MUC1 expression was examined using RT-qPCR analysis. Consistent with the results of the dataset analysis, the expression of MUC1 was significantly higher in ICC tumor tissue than in adjacent non-tumor tissue (P=0.001; Fig. 2A). The enrolled patients were divided into two groups based on the median MUC1 expression value (i.e., low MUC1 expressed in ICC tissue, MUC1low, n=30; high MUC1 expressed in ICC tissue, MUC1high, n=31). Inter-group comparisons of the clinicopathological characteristics are presented in Table III. The MUC1high group included more patients with tumors that invaded the surrounding tissue (P=0.040). Inter-group differences for the other clinicopathological characteristics were not statistically significant. The levels of MUC1 expression in tumors that invaded the surrounding tissue were higher than in those without surrounding tissue invasion (P=0.027; Fig. 2B).
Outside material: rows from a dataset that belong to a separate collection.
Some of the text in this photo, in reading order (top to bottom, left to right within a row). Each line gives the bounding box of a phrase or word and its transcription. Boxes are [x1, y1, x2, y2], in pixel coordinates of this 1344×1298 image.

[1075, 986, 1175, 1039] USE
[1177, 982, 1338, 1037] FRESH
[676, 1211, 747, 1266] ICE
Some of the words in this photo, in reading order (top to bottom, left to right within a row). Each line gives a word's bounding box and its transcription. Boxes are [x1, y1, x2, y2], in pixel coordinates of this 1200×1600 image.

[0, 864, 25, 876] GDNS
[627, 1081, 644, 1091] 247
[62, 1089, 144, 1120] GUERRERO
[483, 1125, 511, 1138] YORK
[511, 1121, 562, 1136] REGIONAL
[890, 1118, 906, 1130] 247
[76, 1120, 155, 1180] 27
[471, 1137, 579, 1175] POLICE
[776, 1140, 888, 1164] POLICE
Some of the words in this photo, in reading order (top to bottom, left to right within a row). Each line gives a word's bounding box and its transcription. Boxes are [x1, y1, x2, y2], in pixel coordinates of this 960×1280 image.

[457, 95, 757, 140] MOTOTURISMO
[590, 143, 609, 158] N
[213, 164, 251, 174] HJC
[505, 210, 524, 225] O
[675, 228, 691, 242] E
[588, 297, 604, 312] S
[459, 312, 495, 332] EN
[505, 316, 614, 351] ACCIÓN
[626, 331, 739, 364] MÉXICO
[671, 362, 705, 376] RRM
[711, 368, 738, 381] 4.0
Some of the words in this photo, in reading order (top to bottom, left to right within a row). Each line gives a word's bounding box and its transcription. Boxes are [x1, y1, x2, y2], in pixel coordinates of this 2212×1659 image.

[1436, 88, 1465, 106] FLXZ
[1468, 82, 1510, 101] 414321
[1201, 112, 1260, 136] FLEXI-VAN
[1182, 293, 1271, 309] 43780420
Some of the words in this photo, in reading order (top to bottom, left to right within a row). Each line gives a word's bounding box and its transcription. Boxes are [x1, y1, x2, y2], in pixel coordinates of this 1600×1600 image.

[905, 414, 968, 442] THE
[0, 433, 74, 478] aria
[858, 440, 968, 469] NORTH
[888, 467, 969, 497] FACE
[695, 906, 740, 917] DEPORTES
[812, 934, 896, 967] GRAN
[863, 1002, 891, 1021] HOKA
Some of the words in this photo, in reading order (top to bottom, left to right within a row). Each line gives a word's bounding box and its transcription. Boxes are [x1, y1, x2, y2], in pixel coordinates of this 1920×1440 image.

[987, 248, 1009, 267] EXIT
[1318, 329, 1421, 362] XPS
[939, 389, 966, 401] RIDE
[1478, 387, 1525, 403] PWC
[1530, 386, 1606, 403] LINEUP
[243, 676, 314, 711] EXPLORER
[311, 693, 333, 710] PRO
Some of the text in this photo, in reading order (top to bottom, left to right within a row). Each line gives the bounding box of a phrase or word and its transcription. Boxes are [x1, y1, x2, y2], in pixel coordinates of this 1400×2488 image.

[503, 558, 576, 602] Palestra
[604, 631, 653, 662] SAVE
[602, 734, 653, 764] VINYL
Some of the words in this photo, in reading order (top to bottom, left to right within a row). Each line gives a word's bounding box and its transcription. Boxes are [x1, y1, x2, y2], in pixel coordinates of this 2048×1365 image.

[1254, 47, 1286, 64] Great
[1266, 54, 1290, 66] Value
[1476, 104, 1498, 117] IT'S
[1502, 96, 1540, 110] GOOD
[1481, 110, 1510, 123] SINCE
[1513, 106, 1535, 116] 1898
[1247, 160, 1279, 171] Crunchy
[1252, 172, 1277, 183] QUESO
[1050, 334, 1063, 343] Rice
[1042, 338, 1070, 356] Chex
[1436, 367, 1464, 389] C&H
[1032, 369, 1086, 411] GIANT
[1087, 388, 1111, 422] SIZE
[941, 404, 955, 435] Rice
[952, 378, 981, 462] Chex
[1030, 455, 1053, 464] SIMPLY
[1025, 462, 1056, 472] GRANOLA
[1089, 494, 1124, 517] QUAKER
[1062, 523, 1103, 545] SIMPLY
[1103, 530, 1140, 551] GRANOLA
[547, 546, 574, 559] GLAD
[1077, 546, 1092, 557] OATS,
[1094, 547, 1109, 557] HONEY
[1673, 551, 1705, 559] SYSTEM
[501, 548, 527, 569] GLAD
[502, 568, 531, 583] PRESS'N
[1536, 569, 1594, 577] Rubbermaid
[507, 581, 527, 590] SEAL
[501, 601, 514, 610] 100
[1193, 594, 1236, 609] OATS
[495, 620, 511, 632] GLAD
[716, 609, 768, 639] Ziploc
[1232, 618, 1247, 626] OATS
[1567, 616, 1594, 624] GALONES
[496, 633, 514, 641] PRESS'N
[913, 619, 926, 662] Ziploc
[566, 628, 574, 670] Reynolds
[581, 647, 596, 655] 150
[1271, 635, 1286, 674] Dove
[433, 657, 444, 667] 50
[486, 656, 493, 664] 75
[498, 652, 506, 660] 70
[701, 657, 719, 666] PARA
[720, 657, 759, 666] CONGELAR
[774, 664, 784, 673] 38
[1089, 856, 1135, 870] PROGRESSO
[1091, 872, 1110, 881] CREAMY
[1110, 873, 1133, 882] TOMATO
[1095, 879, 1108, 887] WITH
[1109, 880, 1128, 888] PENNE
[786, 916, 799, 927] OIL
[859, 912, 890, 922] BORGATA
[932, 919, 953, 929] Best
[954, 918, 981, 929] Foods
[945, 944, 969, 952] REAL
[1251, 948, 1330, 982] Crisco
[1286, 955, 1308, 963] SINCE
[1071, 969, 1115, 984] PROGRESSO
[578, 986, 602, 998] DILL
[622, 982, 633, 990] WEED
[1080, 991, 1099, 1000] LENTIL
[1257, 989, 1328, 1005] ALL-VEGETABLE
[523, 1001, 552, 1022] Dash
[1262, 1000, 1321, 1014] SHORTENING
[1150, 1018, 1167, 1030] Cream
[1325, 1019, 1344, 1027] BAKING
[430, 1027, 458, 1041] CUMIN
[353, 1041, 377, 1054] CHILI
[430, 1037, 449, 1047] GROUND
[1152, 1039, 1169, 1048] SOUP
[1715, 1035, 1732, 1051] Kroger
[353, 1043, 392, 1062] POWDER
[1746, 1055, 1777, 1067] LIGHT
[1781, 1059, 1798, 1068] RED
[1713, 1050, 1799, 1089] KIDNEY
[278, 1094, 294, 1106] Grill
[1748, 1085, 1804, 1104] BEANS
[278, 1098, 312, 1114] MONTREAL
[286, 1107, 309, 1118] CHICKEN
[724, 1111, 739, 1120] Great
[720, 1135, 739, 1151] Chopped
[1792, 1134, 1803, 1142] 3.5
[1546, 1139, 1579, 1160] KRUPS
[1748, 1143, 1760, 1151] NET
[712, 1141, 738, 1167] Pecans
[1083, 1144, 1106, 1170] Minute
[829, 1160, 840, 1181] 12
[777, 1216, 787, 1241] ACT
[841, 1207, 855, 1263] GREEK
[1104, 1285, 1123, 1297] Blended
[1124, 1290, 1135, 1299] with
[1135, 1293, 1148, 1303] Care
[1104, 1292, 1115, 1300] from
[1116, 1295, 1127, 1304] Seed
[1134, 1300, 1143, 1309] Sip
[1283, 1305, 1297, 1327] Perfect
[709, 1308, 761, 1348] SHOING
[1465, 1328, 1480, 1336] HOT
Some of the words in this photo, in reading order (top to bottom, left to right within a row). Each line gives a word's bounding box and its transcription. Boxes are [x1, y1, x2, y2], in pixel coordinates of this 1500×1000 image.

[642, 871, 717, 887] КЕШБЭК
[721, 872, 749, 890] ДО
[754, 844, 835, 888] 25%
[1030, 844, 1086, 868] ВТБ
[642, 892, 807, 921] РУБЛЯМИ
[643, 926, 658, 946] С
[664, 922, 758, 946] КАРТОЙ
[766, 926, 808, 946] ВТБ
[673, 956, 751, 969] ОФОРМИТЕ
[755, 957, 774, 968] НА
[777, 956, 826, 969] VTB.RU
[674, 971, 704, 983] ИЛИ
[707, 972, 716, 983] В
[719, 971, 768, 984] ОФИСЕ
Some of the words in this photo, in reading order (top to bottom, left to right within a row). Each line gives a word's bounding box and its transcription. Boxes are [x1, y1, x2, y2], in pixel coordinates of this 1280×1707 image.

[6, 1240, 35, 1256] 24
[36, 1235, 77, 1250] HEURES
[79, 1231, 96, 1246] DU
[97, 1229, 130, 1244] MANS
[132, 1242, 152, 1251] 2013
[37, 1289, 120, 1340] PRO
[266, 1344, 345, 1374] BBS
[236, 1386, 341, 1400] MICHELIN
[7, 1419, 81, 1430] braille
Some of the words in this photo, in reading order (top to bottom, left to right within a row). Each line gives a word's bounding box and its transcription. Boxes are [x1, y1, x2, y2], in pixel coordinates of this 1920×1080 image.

Clinical validation of the prognostic significance of MUC1 expression
Survival analysis was performed to identify whether MUC1 levels may be used to predict prognosis in ICC patients. The median survival times of the MUC1low and MUC1high groups were 55.06 and 17.25 months, respectively (P=0.009). The 1-, 3- and 5-year OS rates for the MUC1low group were 73, 57 and 45%, respectively, as opposed to 35, 26 and 20%, respectively, for the MUC1high group. The differences in OS rates according to the log-rank test was statistically significant between the two groups (P=0.009; Fig. 2C). A total of 9 patients (30.0%) in the MUC1low group and 17 (54.8%) in the MUC1high group experienced tumor recurrence. The inter-group difference in the RFS rates was statistically significant (P=0.012; Fig. 2D).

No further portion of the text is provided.